Return value can be either scalar or array context. In scalar context return value is true (1) or false (0). In array context it returns list of the invalid keys (possibly key paths like 'KEY1/KEY2/KEY3'):

# array context
my @invalid_keys = hash_validate( $data_hr, $validate_hr );

# scalar context
print "YES!" if hash_validate( $data_hr, $validate_hr );

TODO

(more docs)

DATA::TOOLS SUB-MODULES

Data::Tools package includes several sub-modules:

* Data::Tools::Socket (socket I/O processing, TODO: docs)
* Data::Tools::Time   (time processing)

REQUIRED MODULES

Data::Tools is designed to be simple, compact and self sufficient. However it uses some 3rd party modules:

* Digest::Whirlpool
* Digest::MD5
* Digest::SHA1

SEE ALSO

For more complex cases of nested hash validation, check Data::Validate::Struct module by Thomas Linden, cheers :)

GITHUB REPOSITORY

git@github.com:cade-vs/perl-data-tools.git

git clone git://github.com/cade-vs/perl-data-tools.git

AUTHOR

Vladi Belperchinov-Shabanski "Cade"
      <cade@noxrun.com> <cade@bis.bg> <cade@cpan.org>
http://cade.noxrun.com/  

NAME

Data::Tools::Socket provides set of socket I/O functions.

SYNOPSIS

use Data::Tools::Socket qw( :all );  # import all functions
use Data::Tools::Socket;             # the same as :all :) 
use Data::Tools::Socket qw( :none ); # do not import anything, use full package names

# --------------------------------------------------------------------------

my $read_res_len  = socket_read(  $socket, $data_ref, $length, $timeout );
my $write_res_len = socket_write( $socket, $data,     $length, $timeout );
my $write_res_len = socket_print( $socket, $data, $timeout );

# --------------------------------------------------------------------------

my $read_data = socket_read_message(  $socket, $timeout );
my $write_res = socket_write_message( $socket, $data, $timeout );

# --------------------------------------------------------------------------

FUNCTIONS

socket_read( $socket, $data_ref, $length, $timeout )

Reads $length sized data from the $socket and store it to $data_ref scalar reference.

Returns read length (can be shorter than requested $length);

$timeout is optional, it is in seconds and can be less than 1 second.

socket_write( $socket, $data, $length, $timeout )

Writes $length sized data from $data scalar to the $socket.
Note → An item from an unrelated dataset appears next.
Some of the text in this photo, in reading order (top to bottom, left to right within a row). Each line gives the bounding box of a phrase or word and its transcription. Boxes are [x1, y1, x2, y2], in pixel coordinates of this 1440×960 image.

Returns write length (can be shorter than requested $length);

$timeout is optional, it is in seconds and can be less than 1 second.
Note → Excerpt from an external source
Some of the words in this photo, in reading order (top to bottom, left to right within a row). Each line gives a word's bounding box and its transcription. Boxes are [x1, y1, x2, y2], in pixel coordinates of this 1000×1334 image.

socket_print( $socket, $data, $timeout )

Same as socket_write() but calculates requested length from the $data scalar.

$timeout is optional, it is in seconds and can be less than 1 second.
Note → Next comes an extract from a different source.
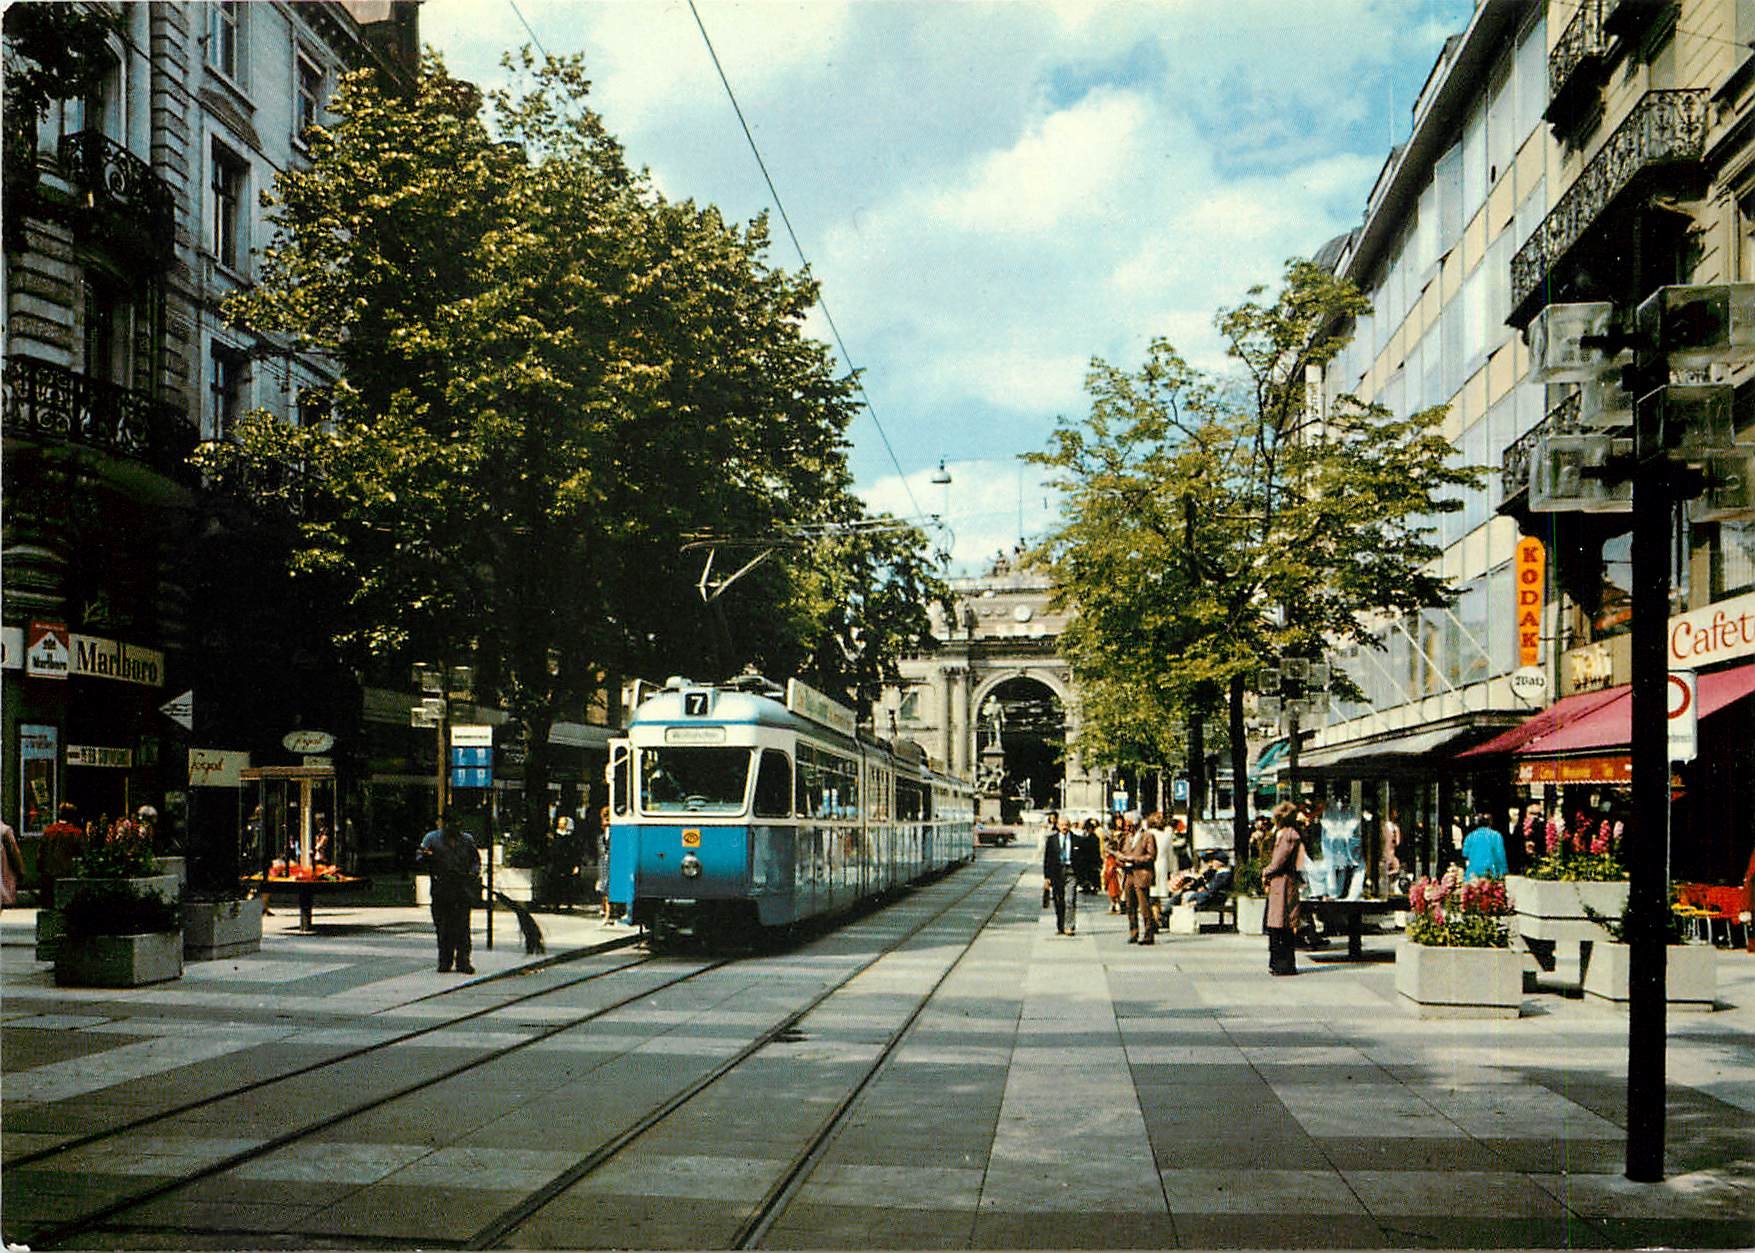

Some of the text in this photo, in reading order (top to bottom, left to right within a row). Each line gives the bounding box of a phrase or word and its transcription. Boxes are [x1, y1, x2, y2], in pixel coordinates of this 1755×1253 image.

socket_read_message( $socket, $timeout )

Reads 32bit network-order integer, which then is used as data size to be read from the socket (i.e. message = 32bit-integer + data ).

Returns read data or undef for message or network error.

$timeout is optional, it is in seconds and can be less than 1 second.

socket_write_message( $socket, $data, $timeout )

Writes 32bit network-order integer, which is the size of the given $data to be written to the $socket and then writes the data (i.e. message = 32bit-integer + data ).

Returns 1 on success or undef for message or network error.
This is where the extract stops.